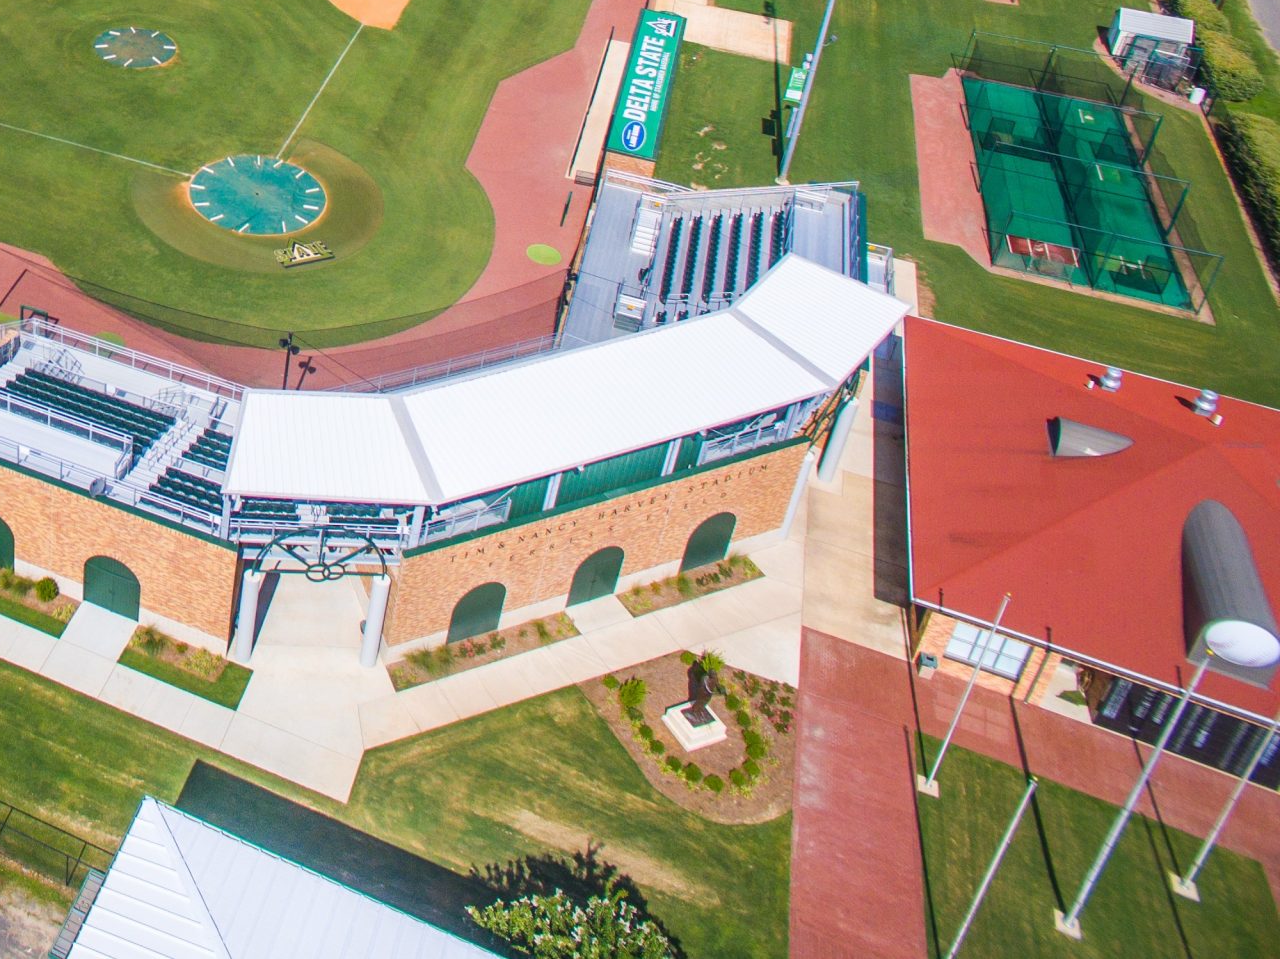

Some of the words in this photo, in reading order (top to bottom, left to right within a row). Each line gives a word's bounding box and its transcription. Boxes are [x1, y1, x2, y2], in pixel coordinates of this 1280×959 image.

[635, 35, 665, 78] STATE
[623, 79, 654, 122] DELTA
[451, 547, 485, 562] TIM
[519, 520, 577, 543] NANCY
[598, 494, 668, 520] HARVEY
[688, 465, 768, 493] STADIUM
[646, 492, 726, 521] FIELD
• • • • • • •
The reply must consist of the records, repeated exactly, minus any images.

Some of the words in this photo, in reading order (top to bottom, left to right within a row). Each line gives a word's bounding box and its transcription. Boxes are [x1, y1, x2, y2], in pixel coordinates of this 1280×959 image.

[635, 35, 665, 78] STATE
[623, 79, 654, 122] DELTA
[451, 547, 485, 562] TIM
[519, 520, 577, 543] NANCY
[598, 494, 668, 520] HARVEY
[688, 465, 768, 493] STADIUM
[646, 492, 726, 521] FIELD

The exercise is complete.